Citation: Operative Dentistry 44, 6; 10.2341/18-163-L
The mean Shr and standard deviation values for all the resin composites are shown in Figure 4. One-way ANOVA showed that the SDR had lower Shr values than the FBF and OPUS. POST and TPH3 had similar Shr values and lower values than the FZ350 and OPAL resin composites.
The mean KHN and standard deviation values for all the resin composites are shown in Figure 5. One-way ANOVA showed that Z350 had higher KHN values than OPAL and POST as well as similar values to that of TPH3 (p<0.01). POST, TPH3, and OPAL had similar KHN values (p=0.231). Comparing the low-viscosity bulk fill resin composites, one-way ANOVA showed no significant difference among KHN means (p=0.341).
The mean E and standard deviation values for all the resin composites are shown in Figure 6. Comparing the low-viscosity bulk fill resin composites, one-way ANOVA showed that SDR showed higher E values than FBF and OPUS (p<0.01). Comparing the resin composites used for the occlusal layer, TPH3 and Z350 had higher E values than OPAL and POST.



Citation: Operative Dentistry 44, 6; 10.2341/18-163-L



Citation: Operative Dentistry 44, 6; 10.2341/18-163-L
The stress distributions during restoration and at 100 N occlusal loading (modified von Misses stress) are shown in Figure 6. The use of the high-viscosity bulk fill (POST) on the occlusal layer resulted in lower shrinkage stress concentration at the enamel interface than when conventional resin composites inserted incrementally were used regardless of the tested resin composite combinations. OPAL had a higher critical von Mises stress at the enamel interface and at the walls of the restoration, mainly on the lingual cusp, than all the other conventional resin composites (Figure 6).

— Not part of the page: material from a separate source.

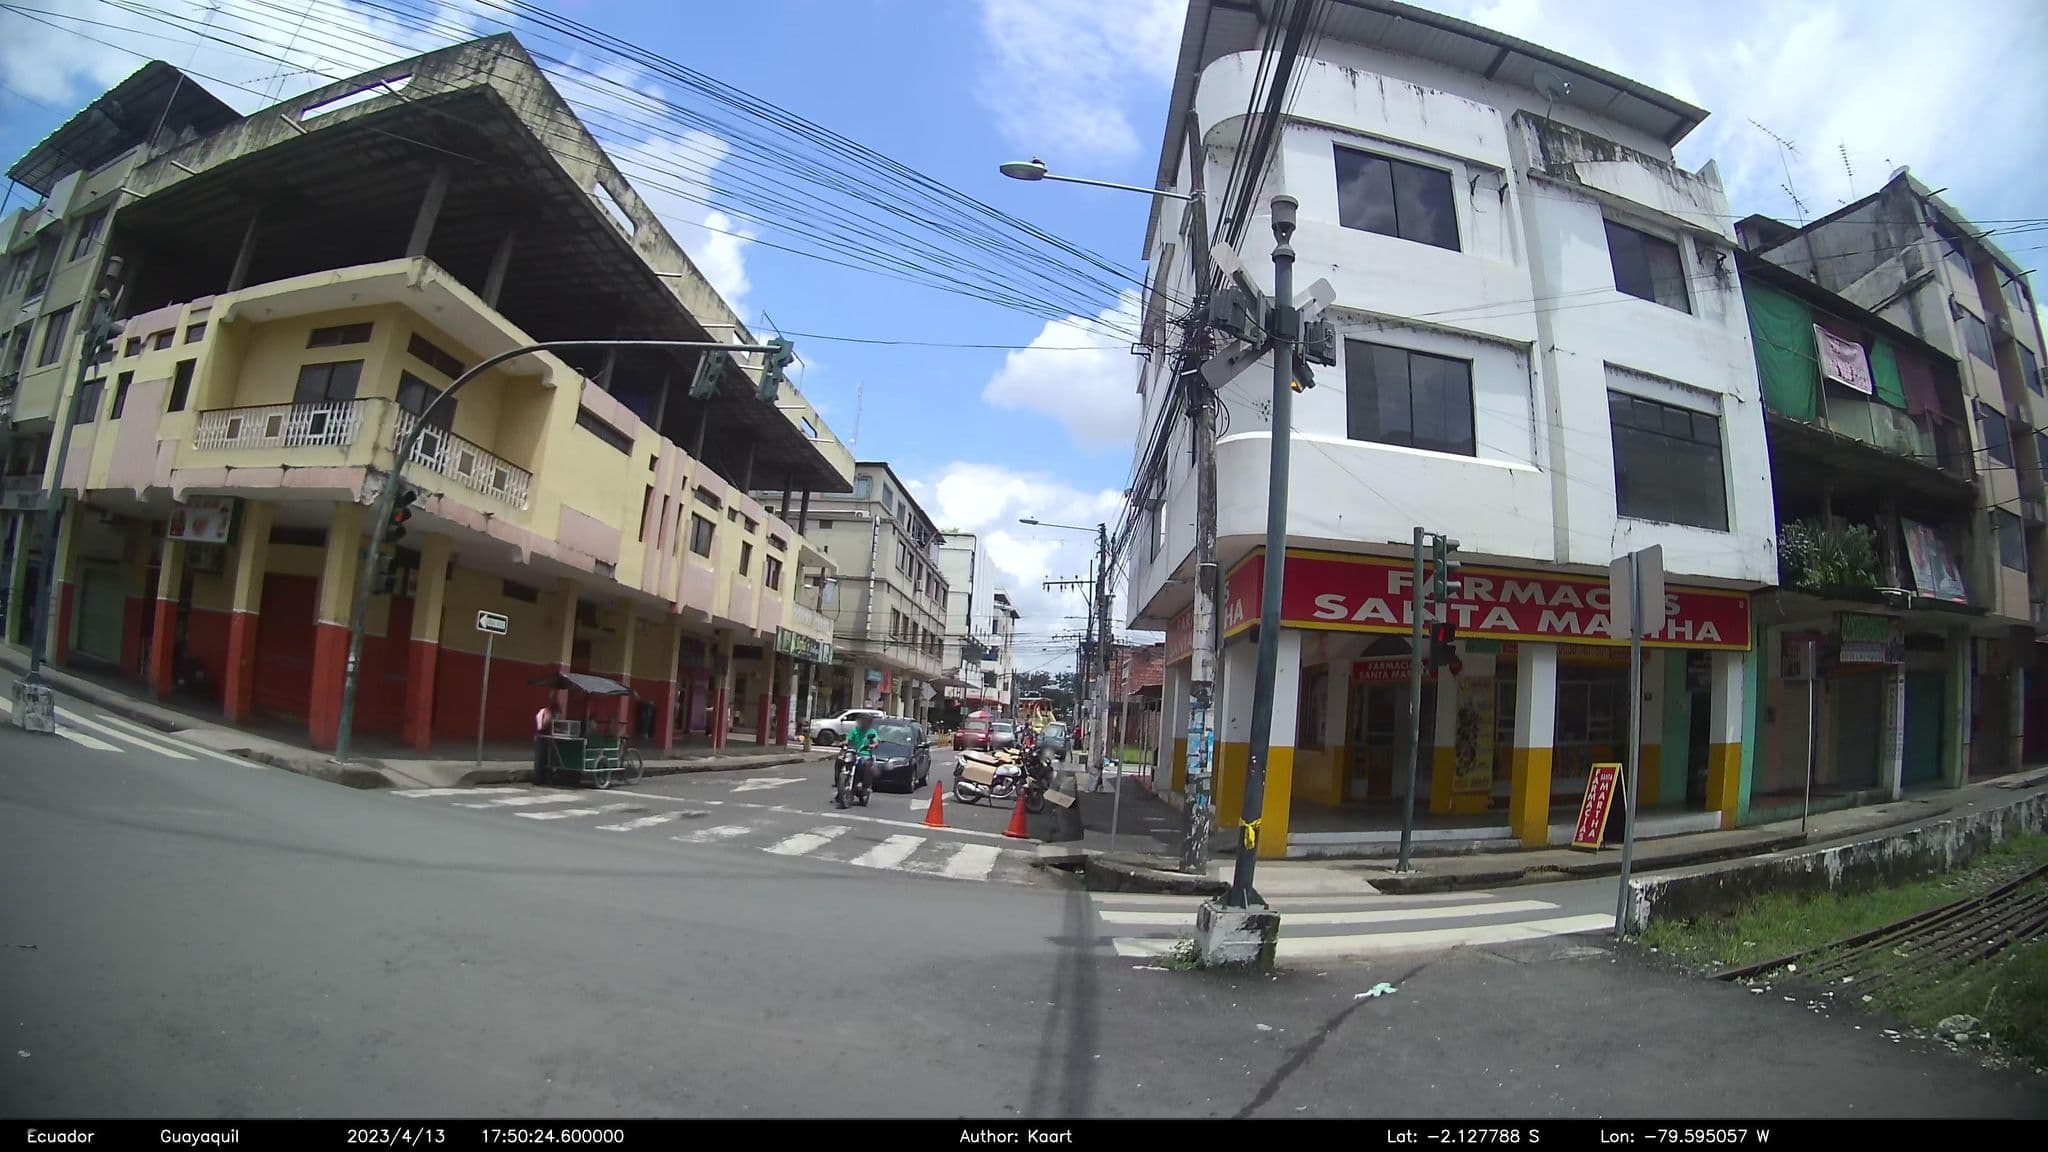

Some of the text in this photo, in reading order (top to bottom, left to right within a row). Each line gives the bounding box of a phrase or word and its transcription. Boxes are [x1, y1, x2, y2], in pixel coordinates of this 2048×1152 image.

The stress distribution during restoration and occlusal function in the enamel, dentin, low-viscosity composite resin, and occlusal composite resin layers is shown in Figure 7. The maximum peak stress was observed on the enamel structure during the restoration procedure and during the antagonist tooth contact with the enamel/composite resin interface. The stress level of the enamel and dentin structures was lower when POST was used to restore the occlusal layer. The MVM stress was recorded at 18 points along the composite resin/tooth structure interface, as shown in Figure 8. The use of the high-viscosity bulk fill resin composite for restoring the occlusal layer reduced the stress at the margin of the restoration.
DISCUSSION
The bond strengths between low-viscosity bulk fill resin composites and high-viscosity bulk fill or a conventional resin composite were similar; therefore, the first null hypothesis was not rejected. However, the shrinkage stress generated at the enamel/restoration occlusal margins was lower when using the high-viscosity bulk fill resin composite for covering the low-viscosity bulk fill resin composites; therefore, the second null hypothesis was rejected. The combination of different low-viscosity bulk fill resin composites with high-viscosity bulk fill or conventional resin composites used to cover the occlusal surface had no influence on the bonding interaction among these materials. Although the bulk fill resin composites have the chemical modifications in their formulations to facilitate deep polymerization, the monomer interaction with the bulk fill low-viscosity resin was similar when compared with resin composites produced by the same manufacturer. The tested materials presented similar variations of the monomers and modulators in their compositions. However, the UDMA and Bis-GMA or Bis-EMA monomers were present in most resin composites, facilitating the interaction between different low-viscosity resin composites with the occlusal-layer resin composites.31-33 The present study confirmed that the interaction with conventional and bulk fill resin composites performed similarly to the interaction between high-viscosity bulk fill resin composite.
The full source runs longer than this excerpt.